(Images for object localization)
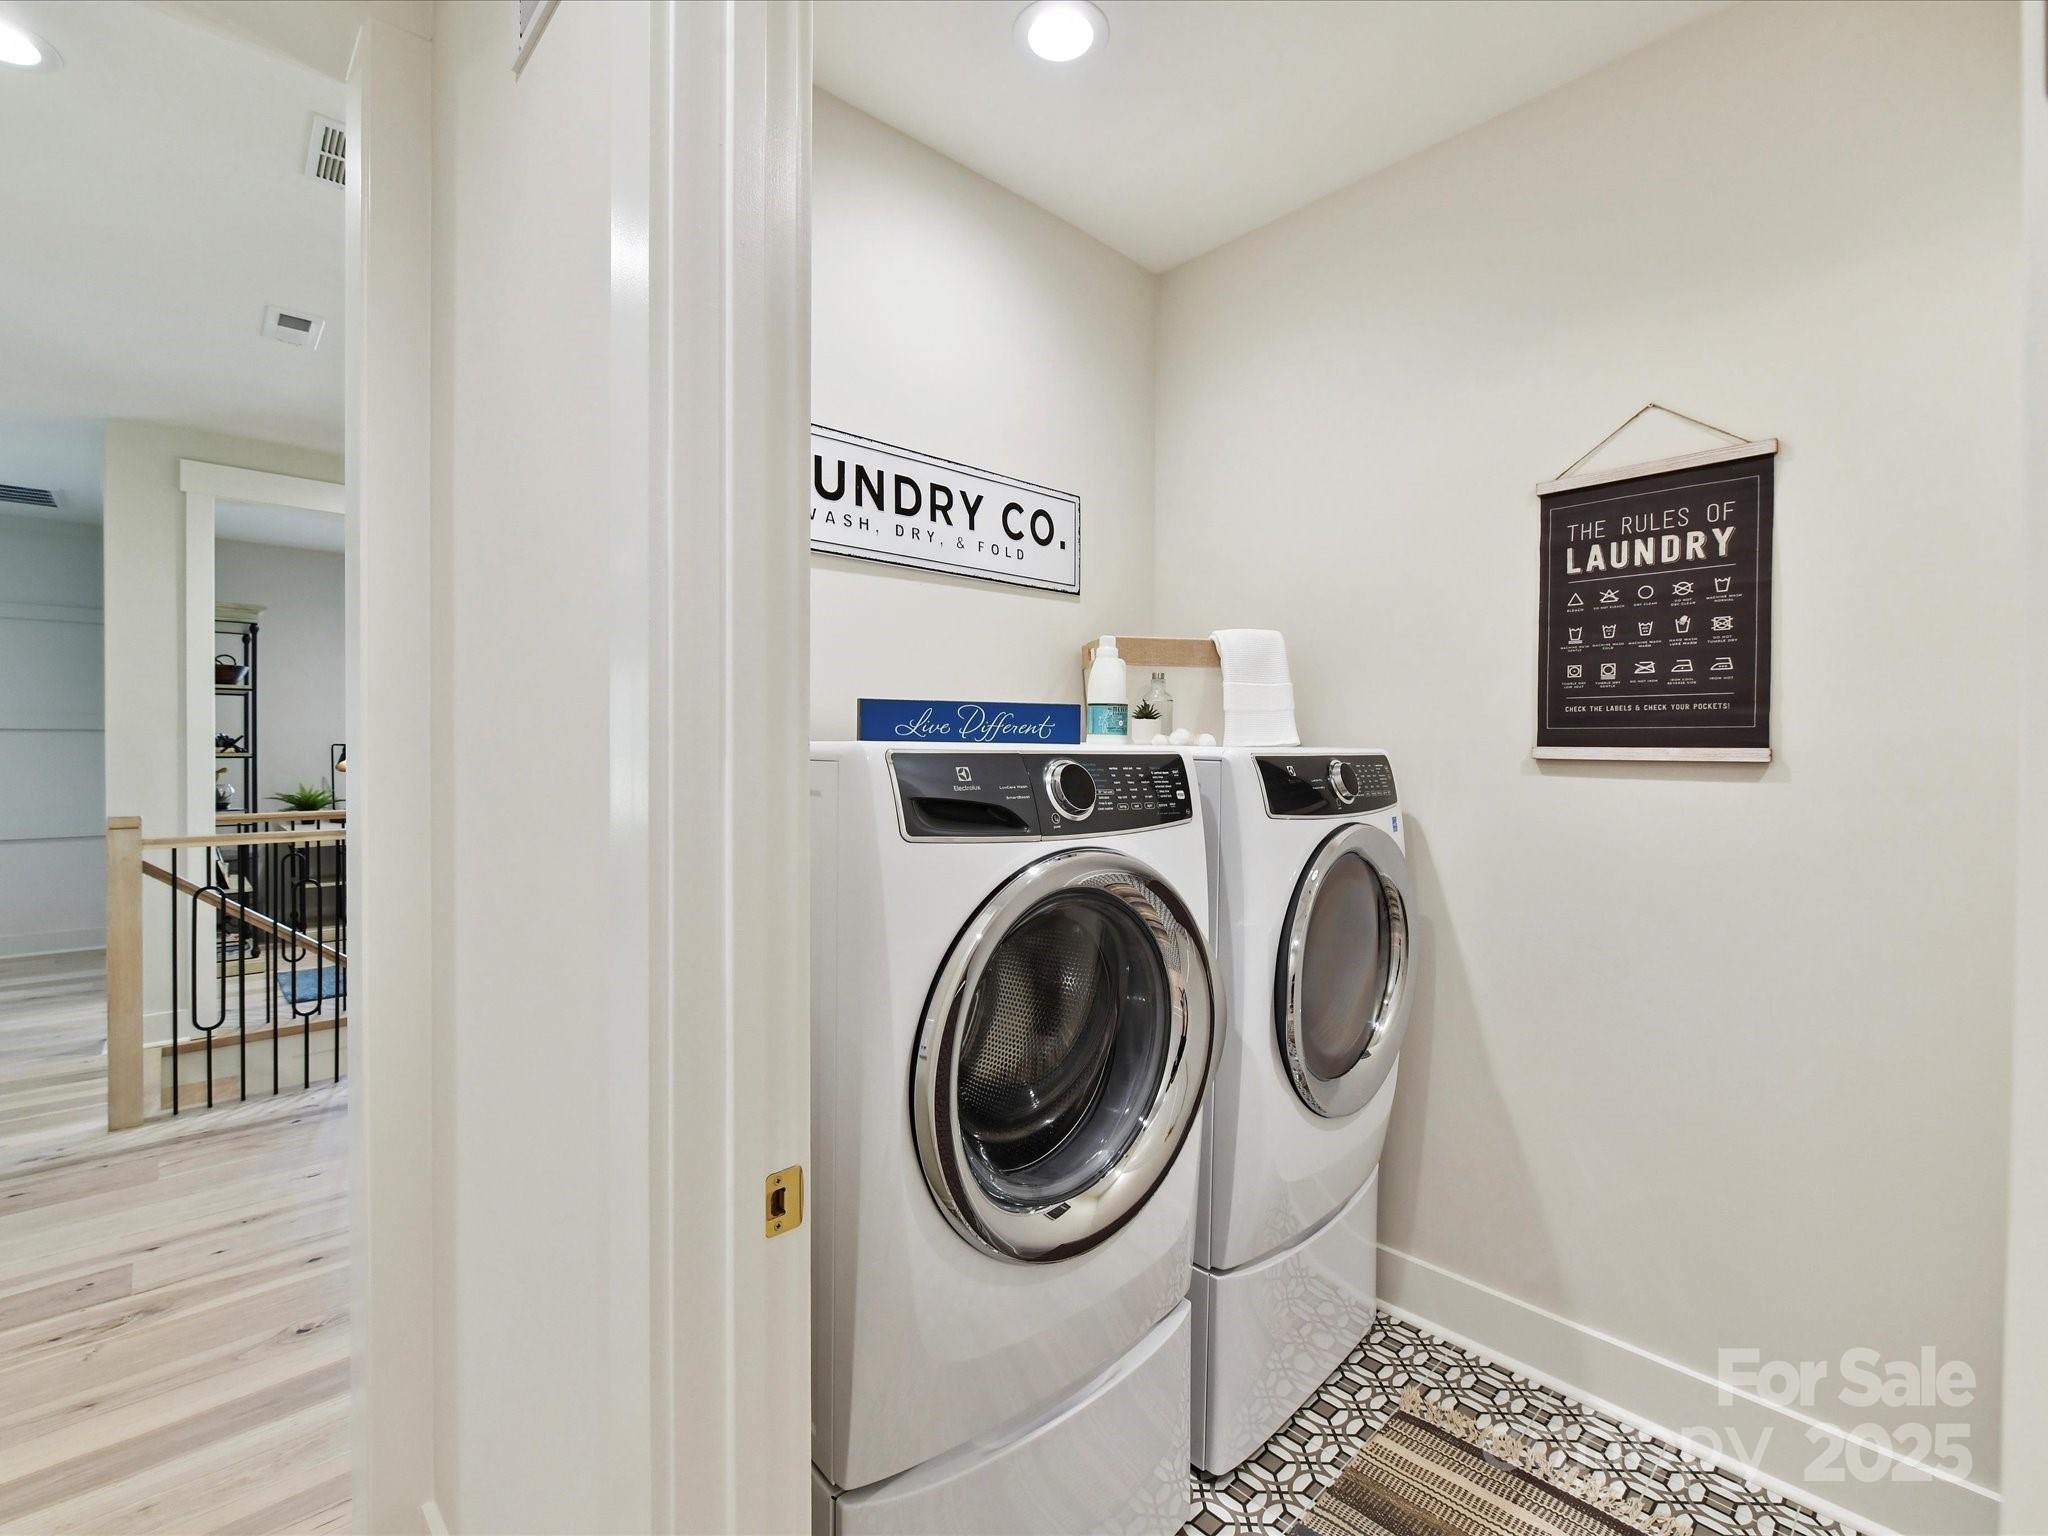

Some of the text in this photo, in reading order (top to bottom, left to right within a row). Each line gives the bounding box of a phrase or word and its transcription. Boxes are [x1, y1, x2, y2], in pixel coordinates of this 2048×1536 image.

[1002, 501, 1066, 550] CO.
[1567, 501, 1736, 542] THE RULES OF
[895, 524, 944, 548] DRY,
[956, 536, 965, 549] &
[978, 541, 1025, 560] FOLD
[1566, 526, 1737, 575] LAUNDRY
[895, 704, 1056, 742] Live Different
[1565, 705, 1586, 713] CHECK
[1606, 704, 1633, 712] LABELS
[1644, 703, 1667, 711] CHECK
[1671, 703, 1690, 711] YOUR
[1693, 702, 1731, 711] POCKETS!
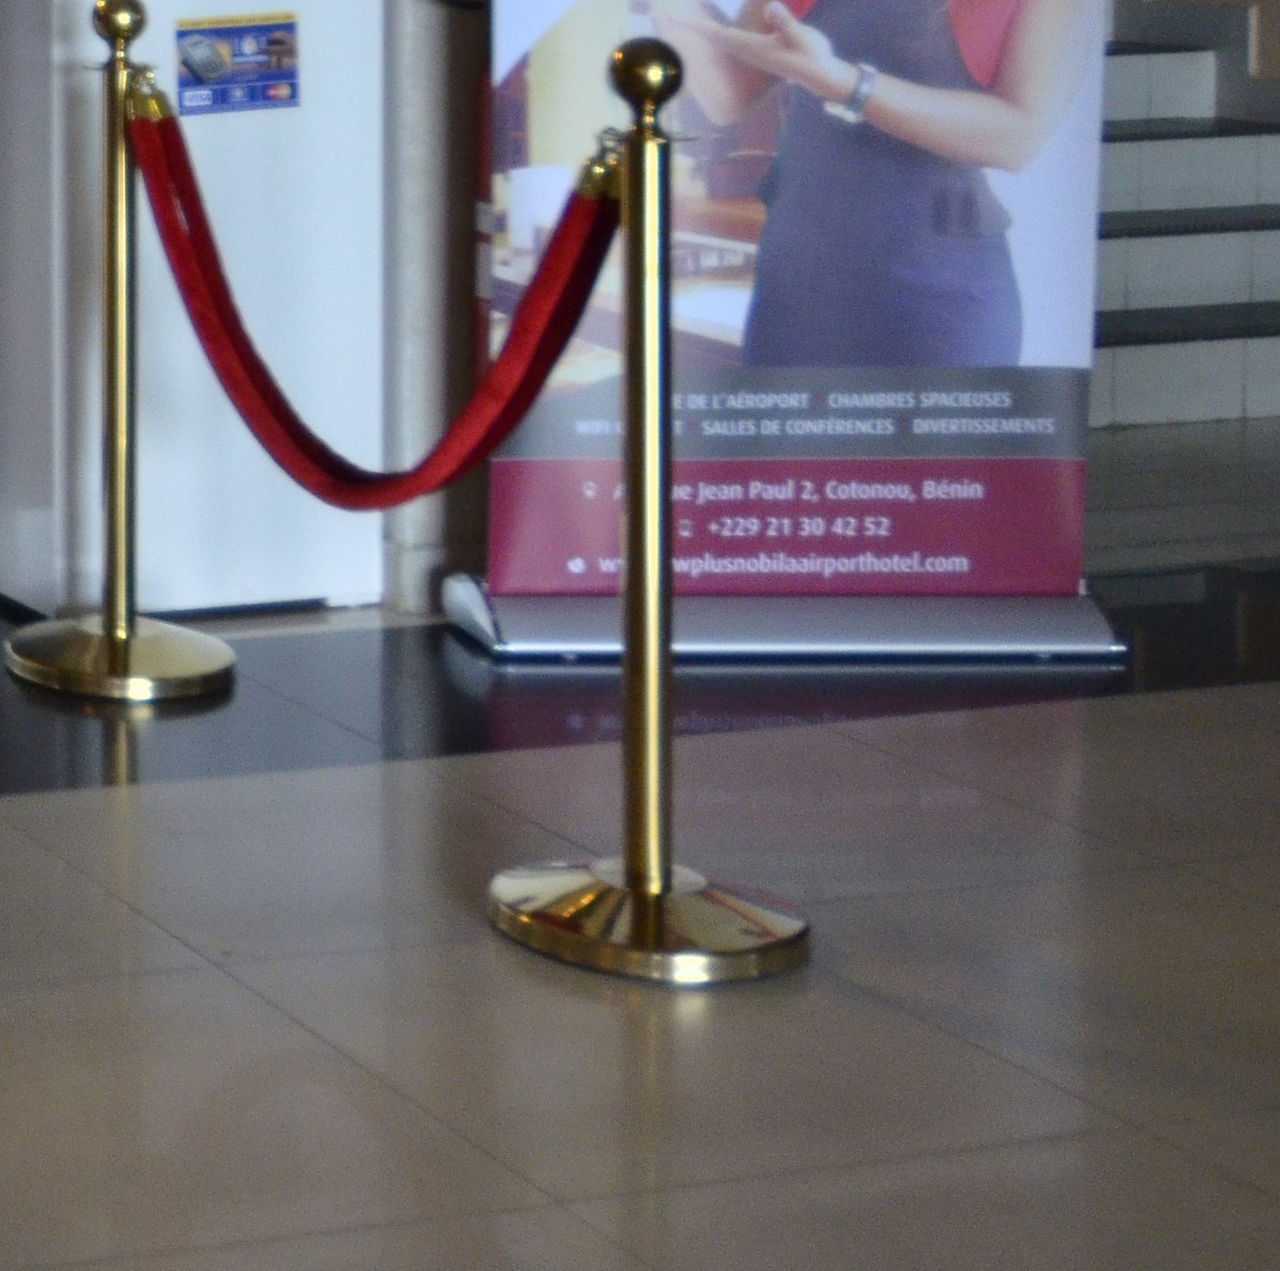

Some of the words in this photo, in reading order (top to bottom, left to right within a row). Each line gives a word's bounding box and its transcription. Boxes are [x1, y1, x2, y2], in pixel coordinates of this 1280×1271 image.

[687, 393, 708, 410] DE
[828, 391, 916, 408] CHAMBRES
[919, 390, 1012, 408] SPACIEUSES
[701, 420, 755, 436] SALLES
[760, 420, 781, 435] DE
[696, 481, 744, 505] Jean
[748, 479, 796, 501] Paul
[922, 478, 985, 500] Bénin
[707, 516, 761, 538] +229
[766, 516, 791, 538] 21
[797, 516, 826, 537] 30
[831, 516, 858, 537] 42
[863, 516, 891, 537] 52

Exercise - The records above should be returned word for word, with every picture left out.

Exercise answer -
Some of the text in this photo, in reading order (top to bottom, left to right within a row). Each line gives the bounding box of a phrase or word and its transcription. Boxes are [x1, y1, x2, y2], in pixel coordinates of this 2048×1536 image.

[1002, 501, 1066, 550] CO.
[1567, 501, 1736, 542] THE RULES OF
[895, 524, 944, 548] DRY,
[956, 536, 965, 549] &
[978, 541, 1025, 560] FOLD
[1566, 526, 1737, 575] LAUNDRY
[895, 704, 1056, 742] Live Different
[1565, 705, 1586, 713] CHECK
[1606, 704, 1633, 712] LABELS
[1644, 703, 1667, 711] CHECK
[1671, 703, 1690, 711] YOUR
[1693, 702, 1731, 711] POCKETS!

Some of the words in this photo, in reading order (top to bottom, left to right within a row). Each line gives a word's bounding box and its transcription. Boxes are [x1, y1, x2, y2], in pixel coordinates of this 1280×1271 image.

[687, 393, 708, 410] DE
[828, 391, 916, 408] CHAMBRES
[919, 390, 1012, 408] SPACIEUSES
[701, 420, 755, 436] SALLES
[760, 420, 781, 435] DE
[696, 481, 744, 505] Jean
[748, 479, 796, 501] Paul
[922, 478, 985, 500] Bénin
[707, 516, 761, 538] +229
[766, 516, 791, 538] 21
[797, 516, 826, 537] 30
[831, 516, 858, 537] 42
[863, 516, 891, 537] 52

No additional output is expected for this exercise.